Required action: Reproduce the data that follows in its entirety, character for character.

[Collected data]
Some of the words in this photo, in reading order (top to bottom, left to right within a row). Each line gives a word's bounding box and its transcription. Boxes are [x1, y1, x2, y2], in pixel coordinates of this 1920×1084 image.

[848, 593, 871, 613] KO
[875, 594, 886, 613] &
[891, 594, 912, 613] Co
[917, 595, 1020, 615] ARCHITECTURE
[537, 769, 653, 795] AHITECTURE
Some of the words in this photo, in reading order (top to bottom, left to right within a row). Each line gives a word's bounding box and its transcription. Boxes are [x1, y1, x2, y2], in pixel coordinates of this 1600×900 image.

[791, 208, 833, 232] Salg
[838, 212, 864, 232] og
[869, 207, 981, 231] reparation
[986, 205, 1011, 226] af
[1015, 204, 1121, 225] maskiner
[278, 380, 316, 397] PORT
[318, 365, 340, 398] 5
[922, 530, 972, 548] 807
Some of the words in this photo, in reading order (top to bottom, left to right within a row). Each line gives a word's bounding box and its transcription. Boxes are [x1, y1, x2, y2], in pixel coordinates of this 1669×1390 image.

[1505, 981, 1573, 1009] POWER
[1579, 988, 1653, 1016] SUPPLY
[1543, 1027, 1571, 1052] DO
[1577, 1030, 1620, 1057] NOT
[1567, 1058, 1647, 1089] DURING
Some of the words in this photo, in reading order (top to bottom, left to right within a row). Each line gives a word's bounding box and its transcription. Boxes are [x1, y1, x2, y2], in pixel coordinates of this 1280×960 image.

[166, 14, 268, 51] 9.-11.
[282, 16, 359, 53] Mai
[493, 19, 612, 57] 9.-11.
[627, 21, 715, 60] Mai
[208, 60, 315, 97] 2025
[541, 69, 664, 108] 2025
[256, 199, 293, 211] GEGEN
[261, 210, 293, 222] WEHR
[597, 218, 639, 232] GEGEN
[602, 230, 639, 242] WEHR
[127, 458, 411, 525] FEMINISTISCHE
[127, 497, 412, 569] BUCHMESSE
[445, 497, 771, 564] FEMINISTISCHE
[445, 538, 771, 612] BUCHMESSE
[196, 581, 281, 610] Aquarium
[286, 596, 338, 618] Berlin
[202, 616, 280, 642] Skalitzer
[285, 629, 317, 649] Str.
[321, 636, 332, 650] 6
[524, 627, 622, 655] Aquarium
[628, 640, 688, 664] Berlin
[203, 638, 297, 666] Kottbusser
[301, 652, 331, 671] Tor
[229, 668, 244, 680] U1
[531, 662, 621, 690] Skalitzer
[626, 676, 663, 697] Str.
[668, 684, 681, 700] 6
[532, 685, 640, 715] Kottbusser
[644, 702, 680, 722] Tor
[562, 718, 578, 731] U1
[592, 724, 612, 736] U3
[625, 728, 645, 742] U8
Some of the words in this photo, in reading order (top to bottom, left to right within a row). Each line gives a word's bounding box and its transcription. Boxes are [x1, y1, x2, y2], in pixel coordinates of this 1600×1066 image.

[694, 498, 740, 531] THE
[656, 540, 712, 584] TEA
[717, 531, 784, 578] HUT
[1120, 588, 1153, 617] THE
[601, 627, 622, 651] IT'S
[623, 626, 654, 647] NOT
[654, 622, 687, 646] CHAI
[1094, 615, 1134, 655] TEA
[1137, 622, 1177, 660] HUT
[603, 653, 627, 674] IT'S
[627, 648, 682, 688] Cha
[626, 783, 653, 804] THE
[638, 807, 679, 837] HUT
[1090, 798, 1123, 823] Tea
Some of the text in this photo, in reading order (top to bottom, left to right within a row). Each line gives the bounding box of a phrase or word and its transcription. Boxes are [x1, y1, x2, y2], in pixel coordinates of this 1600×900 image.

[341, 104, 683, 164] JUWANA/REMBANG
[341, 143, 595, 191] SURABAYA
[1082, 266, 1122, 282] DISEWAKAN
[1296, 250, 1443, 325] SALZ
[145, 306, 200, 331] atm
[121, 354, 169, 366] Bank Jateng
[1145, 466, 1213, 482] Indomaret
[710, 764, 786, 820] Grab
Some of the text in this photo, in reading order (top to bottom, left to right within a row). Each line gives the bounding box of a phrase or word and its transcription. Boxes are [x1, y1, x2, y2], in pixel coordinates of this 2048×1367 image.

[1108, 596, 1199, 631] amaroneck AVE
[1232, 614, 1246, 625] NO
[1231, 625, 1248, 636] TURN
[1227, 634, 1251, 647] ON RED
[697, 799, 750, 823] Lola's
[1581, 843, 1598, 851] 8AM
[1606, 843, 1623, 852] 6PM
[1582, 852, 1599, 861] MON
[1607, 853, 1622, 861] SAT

Answer for this exercise:
Some of the words in this photo, in reading order (top to bottom, left to right within a row). Each line gives a word's bounding box and its transcription. Boxes are [x1, y1, x2, y2], in pixel coordinates of this 1920×1084 image.

[848, 593, 871, 613] KO
[875, 594, 886, 613] &
[891, 594, 912, 613] Co
[917, 595, 1020, 615] ARCHITECTURE
[537, 769, 653, 795] AHITECTURE
Some of the words in this photo, in reading order (top to bottom, left to right within a row). Each line gives a word's bounding box and its transcription. Boxes are [x1, y1, x2, y2], in pixel coordinates of this 1600×900 image.

[791, 208, 833, 232] Salg
[838, 212, 864, 232] og
[869, 207, 981, 231] reparation
[986, 205, 1011, 226] af
[1015, 204, 1121, 225] maskiner
[278, 380, 316, 397] PORT
[318, 365, 340, 398] 5
[922, 530, 972, 548] 807
Some of the words in this photo, in reading order (top to bottom, left to right within a row). Each line gives a word's bounding box and its transcription. Boxes are [x1, y1, x2, y2], in pixel coordinates of this 1669×1390 image.

[1505, 981, 1573, 1009] POWER
[1579, 988, 1653, 1016] SUPPLY
[1543, 1027, 1571, 1052] DO
[1577, 1030, 1620, 1057] NOT
[1567, 1058, 1647, 1089] DURING
Some of the words in this photo, in reading order (top to bottom, left to right within a row). Each line gives a word's bounding box and its transcription. Boxes are [x1, y1, x2, y2], in pixel coordinates of this 1280×960 image.

[166, 14, 268, 51] 9.-11.
[282, 16, 359, 53] Mai
[493, 19, 612, 57] 9.-11.
[627, 21, 715, 60] Mai
[208, 60, 315, 97] 2025
[541, 69, 664, 108] 2025
[256, 199, 293, 211] GEGEN
[261, 210, 293, 222] WEHR
[597, 218, 639, 232] GEGEN
[602, 230, 639, 242] WEHR
[127, 458, 411, 525] FEMINISTISCHE
[127, 497, 412, 569] BUCHMESSE
[445, 497, 771, 564] FEMINISTISCHE
[445, 538, 771, 612] BUCHMESSE
[196, 581, 281, 610] Aquarium
[286, 596, 338, 618] Berlin
[202, 616, 280, 642] Skalitzer
[285, 629, 317, 649] Str.
[321, 636, 332, 650] 6
[524, 627, 622, 655] Aquarium
[628, 640, 688, 664] Berlin
[203, 638, 297, 666] Kottbusser
[301, 652, 331, 671] Tor
[229, 668, 244, 680] U1
[531, 662, 621, 690] Skalitzer
[626, 676, 663, 697] Str.
[668, 684, 681, 700] 6
[532, 685, 640, 715] Kottbusser
[644, 702, 680, 722] Tor
[562, 718, 578, 731] U1
[592, 724, 612, 736] U3
[625, 728, 645, 742] U8
Some of the words in this photo, in reading order (top to bottom, left to right within a row). Each line gives a word's bounding box and its transcription. Boxes are [x1, y1, x2, y2], in pixel coordinates of this 1600×1066 image.

[694, 498, 740, 531] THE
[656, 540, 712, 584] TEA
[717, 531, 784, 578] HUT
[1120, 588, 1153, 617] THE
[601, 627, 622, 651] IT'S
[623, 626, 654, 647] NOT
[654, 622, 687, 646] CHAI
[1094, 615, 1134, 655] TEA
[1137, 622, 1177, 660] HUT
[603, 653, 627, 674] IT'S
[627, 648, 682, 688] Cha
[626, 783, 653, 804] THE
[638, 807, 679, 837] HUT
[1090, 798, 1123, 823] Tea
Some of the text in this photo, in reading order (top to bottom, left to right within a row). Each line gives the bounding box of a phrase or word and its transcription. Boxes are [x1, y1, x2, y2], in pixel coordinates of this 1600×900 image.

[341, 104, 683, 164] JUWANA/REMBANG
[341, 143, 595, 191] SURABAYA
[1082, 266, 1122, 282] DISEWAKAN
[1296, 250, 1443, 325] SALZ
[145, 306, 200, 331] atm
[121, 354, 169, 366] Bank Jateng
[1145, 466, 1213, 482] Indomaret
[710, 764, 786, 820] Grab
Some of the text in this photo, in reading order (top to bottom, left to right within a row). Each line gives the bounding box of a phrase or word and its transcription. Boxes are [x1, y1, x2, y2], in pixel coordinates of this 2048×1367 image.

[1108, 596, 1199, 631] amaroneck AVE
[1232, 614, 1246, 625] NO
[1231, 625, 1248, 636] TURN
[1227, 634, 1251, 647] ON RED
[697, 799, 750, 823] Lola's
[1581, 843, 1598, 851] 8AM
[1606, 843, 1623, 852] 6PM
[1582, 852, 1599, 861] MON
[1607, 853, 1622, 861] SAT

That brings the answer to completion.